▶ [Recorded data]
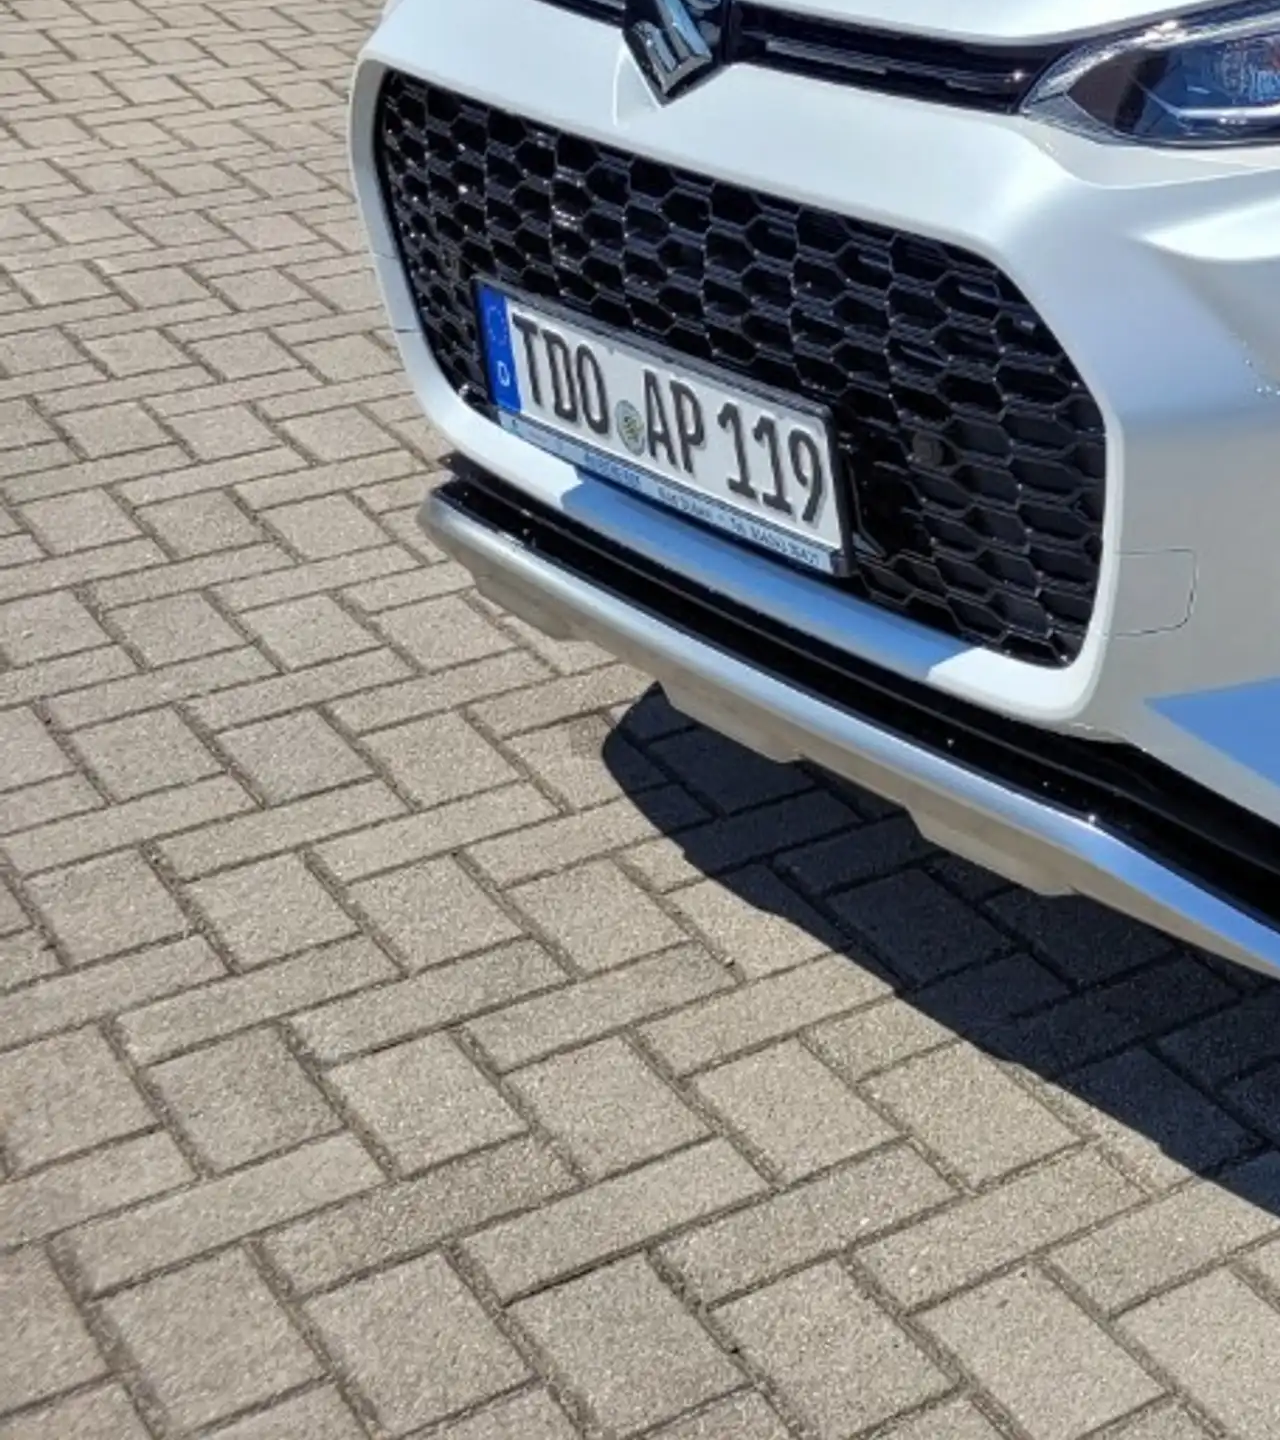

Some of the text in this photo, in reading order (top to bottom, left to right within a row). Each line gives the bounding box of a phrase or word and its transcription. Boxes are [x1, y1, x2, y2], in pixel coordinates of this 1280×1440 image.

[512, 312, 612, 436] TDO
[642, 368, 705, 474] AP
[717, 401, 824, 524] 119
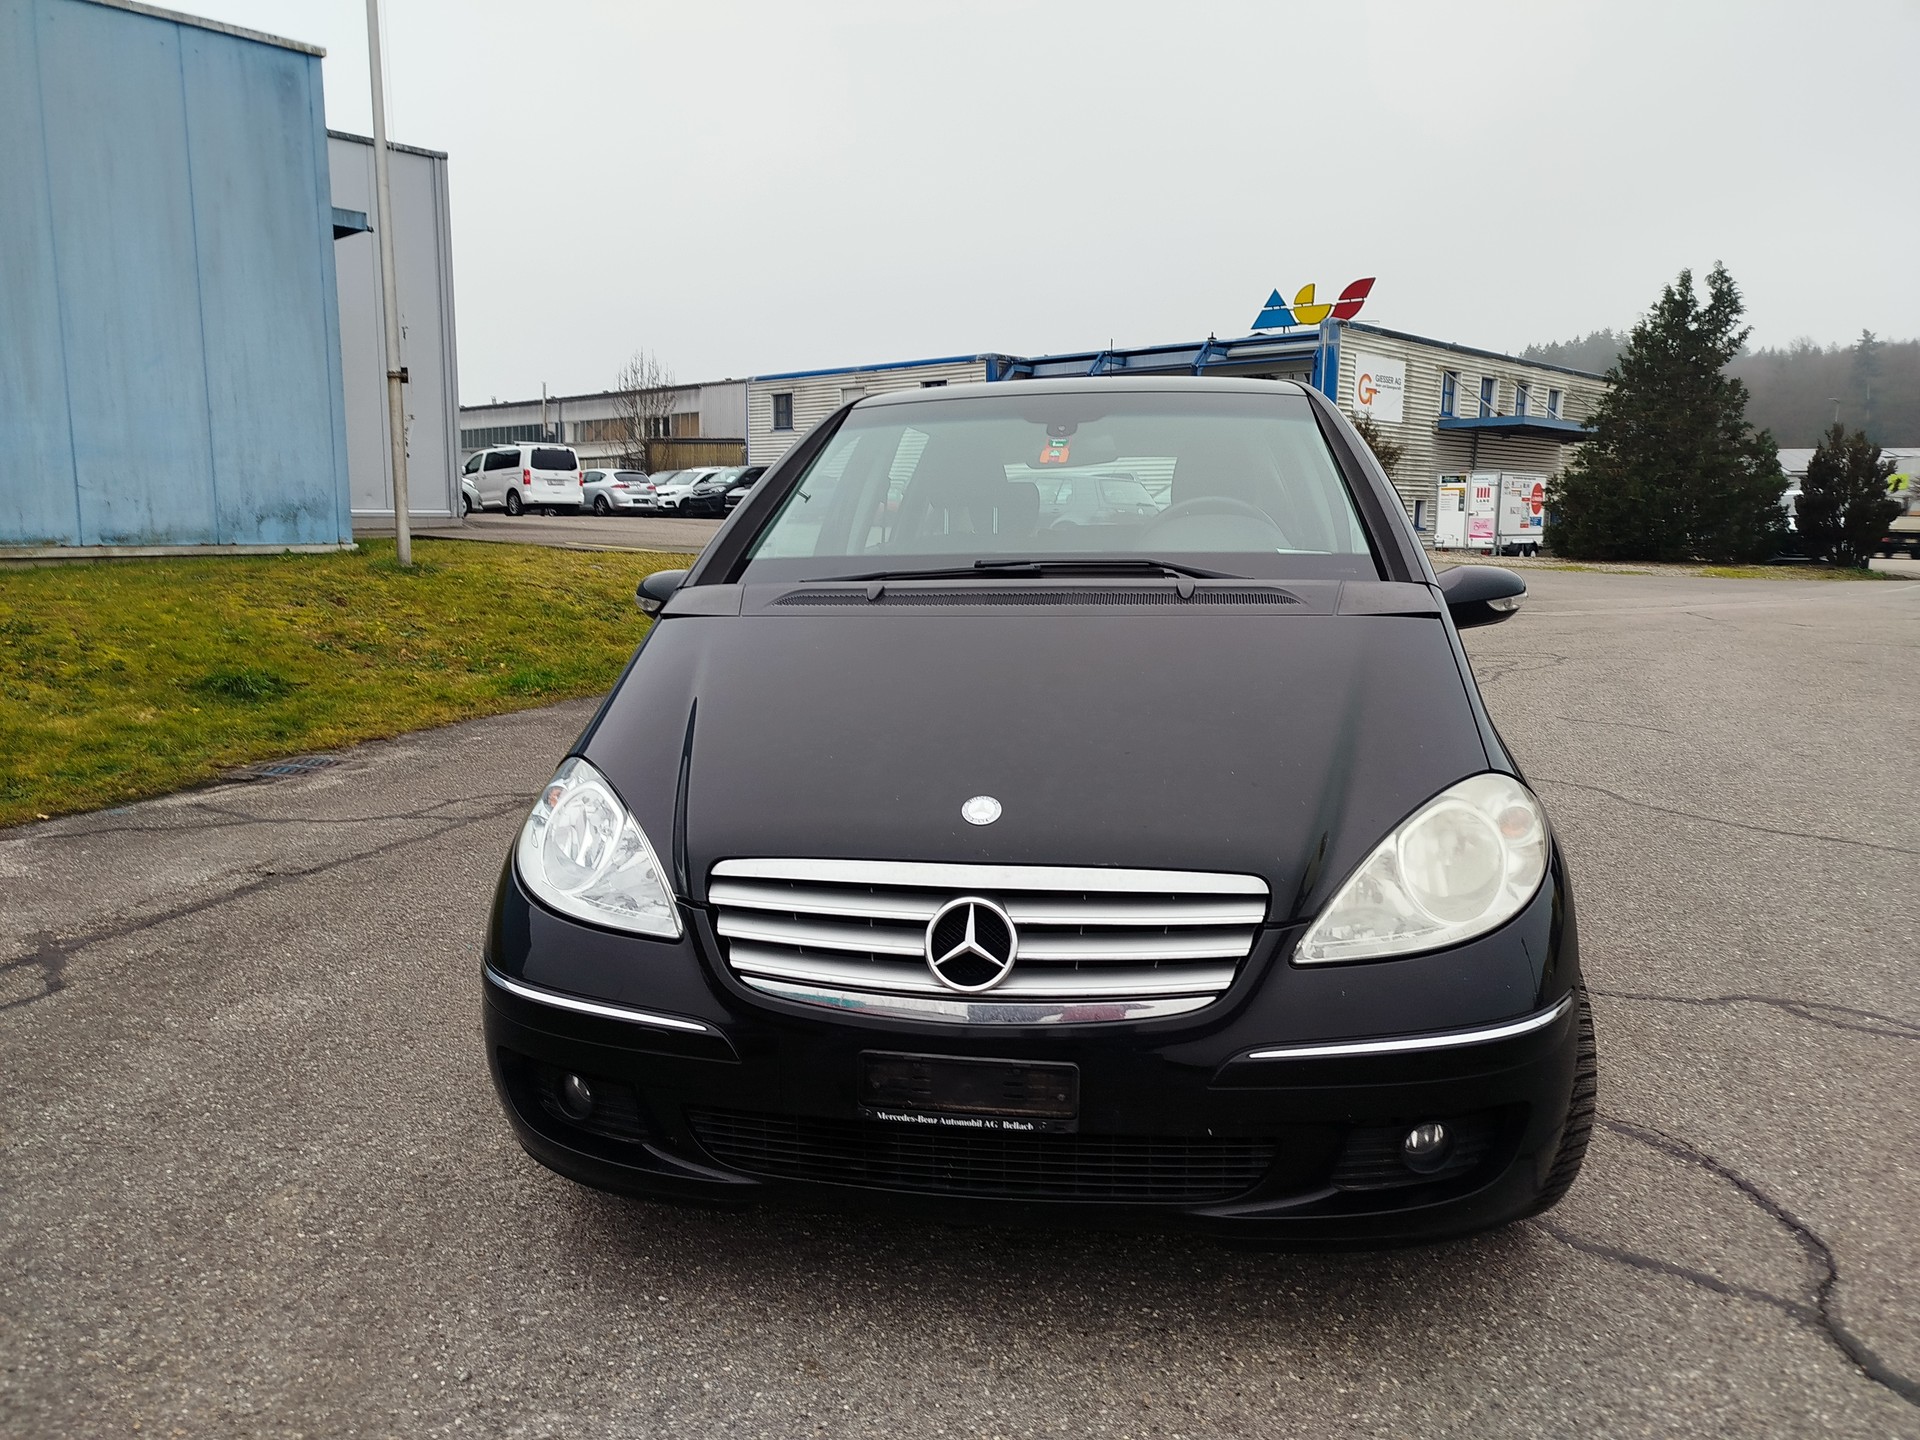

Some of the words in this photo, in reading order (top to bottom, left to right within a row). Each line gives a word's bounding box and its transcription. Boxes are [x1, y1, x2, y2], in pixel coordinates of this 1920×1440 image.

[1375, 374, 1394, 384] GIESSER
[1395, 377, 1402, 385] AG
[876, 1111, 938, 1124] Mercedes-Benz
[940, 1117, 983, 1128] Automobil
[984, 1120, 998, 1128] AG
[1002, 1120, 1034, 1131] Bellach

▶ [Problem to solve]
Nothing but the lines from the line with "Some of the words" to the last line of the listing above should appear; please retype them exactly, both ends included.

▶ [Output below]
Some of the words in this photo, in reading order (top to bottom, left to right within a row). Each line gives a word's bounding box and its transcription. Boxes are [x1, y1, x2, y2], in pixel coordinates of this 1920×1440 image.

[1375, 374, 1394, 384] GIESSER
[1395, 377, 1402, 385] AG
[876, 1111, 938, 1124] Mercedes-Benz
[940, 1117, 983, 1128] Automobil
[984, 1120, 998, 1128] AG
[1002, 1120, 1034, 1131] Bellach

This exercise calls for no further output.